▸ Your instructions:
When you return the entries, keep every word and mark exactly as it is.

START Input data

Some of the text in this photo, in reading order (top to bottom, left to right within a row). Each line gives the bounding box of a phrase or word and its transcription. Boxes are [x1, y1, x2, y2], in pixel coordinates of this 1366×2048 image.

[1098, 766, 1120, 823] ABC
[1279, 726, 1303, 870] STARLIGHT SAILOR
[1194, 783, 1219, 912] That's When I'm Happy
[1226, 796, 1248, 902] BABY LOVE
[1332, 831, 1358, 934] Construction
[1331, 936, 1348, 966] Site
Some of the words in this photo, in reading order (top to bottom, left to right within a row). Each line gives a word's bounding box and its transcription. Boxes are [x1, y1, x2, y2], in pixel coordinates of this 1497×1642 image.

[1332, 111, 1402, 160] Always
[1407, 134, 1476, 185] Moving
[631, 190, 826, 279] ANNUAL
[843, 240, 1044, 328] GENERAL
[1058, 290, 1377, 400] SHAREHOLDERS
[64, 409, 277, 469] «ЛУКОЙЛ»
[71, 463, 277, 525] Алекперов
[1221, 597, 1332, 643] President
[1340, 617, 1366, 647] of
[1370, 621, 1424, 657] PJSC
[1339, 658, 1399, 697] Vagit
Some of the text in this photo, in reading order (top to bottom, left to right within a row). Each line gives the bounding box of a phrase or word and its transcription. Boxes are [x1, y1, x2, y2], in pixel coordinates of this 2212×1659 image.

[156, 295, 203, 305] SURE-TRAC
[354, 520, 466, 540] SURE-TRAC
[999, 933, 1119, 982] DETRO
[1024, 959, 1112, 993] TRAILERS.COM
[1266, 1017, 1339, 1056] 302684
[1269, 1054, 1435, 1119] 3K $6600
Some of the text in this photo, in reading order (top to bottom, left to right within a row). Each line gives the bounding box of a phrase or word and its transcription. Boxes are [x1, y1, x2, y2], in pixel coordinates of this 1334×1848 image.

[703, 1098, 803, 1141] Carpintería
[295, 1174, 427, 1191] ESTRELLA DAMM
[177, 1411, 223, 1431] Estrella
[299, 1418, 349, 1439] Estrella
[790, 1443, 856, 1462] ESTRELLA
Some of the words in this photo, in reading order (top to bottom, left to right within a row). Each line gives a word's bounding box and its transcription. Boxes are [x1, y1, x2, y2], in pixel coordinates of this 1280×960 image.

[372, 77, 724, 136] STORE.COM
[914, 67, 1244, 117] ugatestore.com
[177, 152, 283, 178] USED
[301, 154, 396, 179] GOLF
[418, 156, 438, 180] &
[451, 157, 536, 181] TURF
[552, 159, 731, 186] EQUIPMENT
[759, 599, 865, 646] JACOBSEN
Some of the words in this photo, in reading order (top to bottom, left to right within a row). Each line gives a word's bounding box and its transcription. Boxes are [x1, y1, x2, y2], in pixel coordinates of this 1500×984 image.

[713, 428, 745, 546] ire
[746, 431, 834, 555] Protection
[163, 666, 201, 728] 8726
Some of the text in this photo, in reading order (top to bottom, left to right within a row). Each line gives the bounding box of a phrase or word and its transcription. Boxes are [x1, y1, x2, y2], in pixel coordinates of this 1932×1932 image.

END Input data

▸ Task answer:
Some of the text in this photo, in reading order (top to bottom, left to right within a row). Each line gives the bounding box of a phrase or word and its transcription. Boxes are [x1, y1, x2, y2], in pixel coordinates of this 1366×2048 image.

[1098, 766, 1120, 823] ABC
[1279, 726, 1303, 870] STARLIGHT SAILOR
[1194, 783, 1219, 912] That's When I'm Happy
[1226, 796, 1248, 902] BABY LOVE
[1332, 831, 1358, 934] Construction
[1331, 936, 1348, 966] Site
Some of the words in this photo, in reading order (top to bottom, left to right within a row). Each line gives a word's bounding box and its transcription. Boxes are [x1, y1, x2, y2], in pixel coordinates of this 1497×1642 image.

[1332, 111, 1402, 160] Always
[1407, 134, 1476, 185] Moving
[631, 190, 826, 279] ANNUAL
[843, 240, 1044, 328] GENERAL
[1058, 290, 1377, 400] SHAREHOLDERS
[64, 409, 277, 469] «ЛУКОЙЛ»
[71, 463, 277, 525] Алекперов
[1221, 597, 1332, 643] President
[1340, 617, 1366, 647] of
[1370, 621, 1424, 657] PJSC
[1339, 658, 1399, 697] Vagit
Some of the text in this photo, in reading order (top to bottom, left to right within a row). Each line gives the bounding box of a phrase or word and its transcription. Boxes are [x1, y1, x2, y2], in pixel coordinates of this 2212×1659 image.

[156, 295, 203, 305] SURE-TRAC
[354, 520, 466, 540] SURE-TRAC
[999, 933, 1119, 982] DETRO
[1024, 959, 1112, 993] TRAILERS.COM
[1266, 1017, 1339, 1056] 302684
[1269, 1054, 1435, 1119] 3K $6600
Some of the text in this photo, in reading order (top to bottom, left to right within a row). Each line gives the bounding box of a phrase or word and its transcription. Boxes are [x1, y1, x2, y2], in pixel coordinates of this 1334×1848 image.

[703, 1098, 803, 1141] Carpintería
[295, 1174, 427, 1191] ESTRELLA DAMM
[177, 1411, 223, 1431] Estrella
[299, 1418, 349, 1439] Estrella
[790, 1443, 856, 1462] ESTRELLA
Some of the words in this photo, in reading order (top to bottom, left to right within a row). Each line gives a word's bounding box and its transcription. Boxes are [x1, y1, x2, y2], in pixel coordinates of this 1280×960 image.

[372, 77, 724, 136] STORE.COM
[914, 67, 1244, 117] ugatestore.com
[177, 152, 283, 178] USED
[301, 154, 396, 179] GOLF
[418, 156, 438, 180] &
[451, 157, 536, 181] TURF
[552, 159, 731, 186] EQUIPMENT
[759, 599, 865, 646] JACOBSEN
Some of the words in this photo, in reading order (top to bottom, left to right within a row). Each line gives a word's bounding box and its transcription. Boxes are [x1, y1, x2, y2], in pixel coordinates of this 1500×984 image.

[713, 428, 745, 546] ire
[746, 431, 834, 555] Protection
[163, 666, 201, 728] 8726
Some of the text in this photo, in reading order (top to bottom, left to right within a row). Each line gives the bounding box of a phrase or word and its transcription. Boxes are [x1, y1, x2, y2], in pixel coordinates of this 1932×1932 image.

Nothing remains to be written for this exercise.